Dr. Robicheck and Mrs. Meadowbrook-Parks glanced at each other, worried. Chase caught it. “I’m fine. I didn’t come this far to crumple at the end. Kim Lee is going to get her money’s worth, don’t you worry.” She ignored the cliché monster. Clichés could be construed as verbal sign language—a quick way to get your point across. Besides, it seemed Divine Vulva and Commercial Endeavor had forsaken her. She could cliché all she wanted. She took the bottle of Gatorade and the bottle of water from Gitana.

“You didn’t specify so I decided some of each would be best in order to keep your electrolytes balanced,” Gitana said.

Damn, they were all starting to sound like Bud, Chase thought. She gulped half of each bottle.

“Let’s do a final manifestation. With the power of our combined energy, we manifest what it will look like when Chase wins,” Dr. Robicheck said.

“This is like a prayer circle—very powerful,” Jacinda said. “There is this woman at church, Veronica de Santos, who writes in the prayer book what she thinks people need most, and she prays over it and the help she prays for always comes, always except for the Cadillac. She prays one day Oprah will bring it.”

Chase wondered if this wasn’t more voodoo shit, but doubting the power of the Universe right now was not a good idea. She closed her eyes and gripped Gitana’s and Bud’s hands.

“I want you to envision the stage, the wrapping paper, the audience—set the scene in your mind,” Dr. Robicheck said.

Chase did this and then she saw the pony and the Eiffel Tower. She knew what the final competition would be. A better question would be, how had Bud known?

“Now, imagine Chase wrapping her magnum opus and the judges giving her all the points. See the audience clapping,” Dr. Robicheck said.

Chase broke in and questioned Bud, “How did you know about the pony and the Eiffel Tower?”

“It’s a mini horse actually,” Bud said.

The group opened their collective eyes and stared at Chase and Bud.

“What are you talking about?” Gitana said.

“Or you can pick the Smart Car wrapped in the Statue of Liberty, seeing as you won the coin toss.

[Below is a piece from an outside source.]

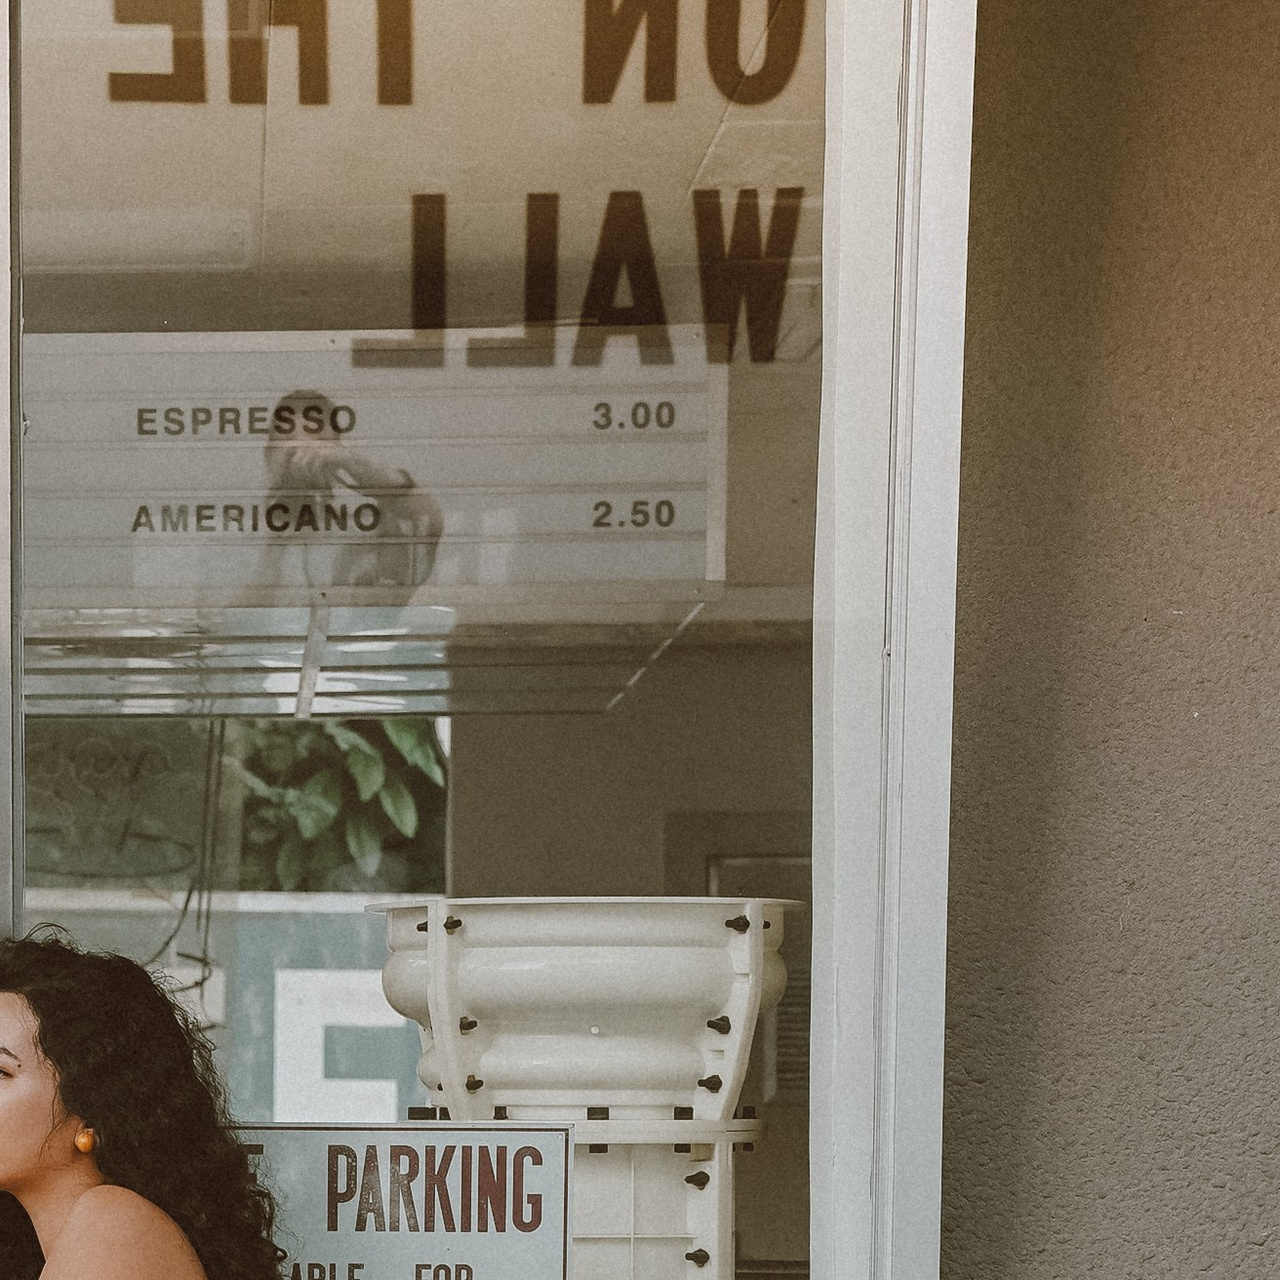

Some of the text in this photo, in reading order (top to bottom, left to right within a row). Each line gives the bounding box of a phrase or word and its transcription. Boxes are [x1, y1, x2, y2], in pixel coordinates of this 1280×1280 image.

[136, 402, 677, 436] ESPRESSO 3.00
[131, 500, 677, 533] AMERICANO 2.50
[326, 1144, 544, 1233] PARKING

Personally, I’d go for the mini horse since you know how to wrap a dog, which has a skeletal system similar to a horse, including the tail aspect,” Bud said.

“How do you know that?” Mrs. Meadowbrook-Parks said.

“It’s on the website. Well, not exactly what the final wrapping will be, but I was standing by Kim Lee’s wrapping coach when she asked,” Bud said. “On the website they have archives and the last event is always something inside of something. Last year it was an ATV inside the Taj Mahal. They always pick a landmark.”

“Did you know this?” Chase said.

Mrs. Meadowbrook-Parks didn’t meet her eye. “Chase, I’ve never had anyone who wrapped well enough to compete.”

“Are you telling me we’re both newbies?” Chase said, her voice getting high and squeaky.

“Chase, relax. If anything, this is a good thing. If Mrs. Meadowbrook-Parks had been aware of this, she would have emanated bad vibes, which you are very in tune with,” Dr. Robicheck said.

Chase wondered if having a New Age therapist instead of an old-school Freudian was such a good idea. Of course, a Freudian wouldn’t be as versatile as Dr. Robicheck, and with a Freudian there was always a lot of hair involved—hairy face, hairy neck and most likely hairy knuckles and she’d have to talk about her mother’s hair a lot. Perhaps Dr. Robicheck was a better choice despite the manifestation, vibe and hand-holding things.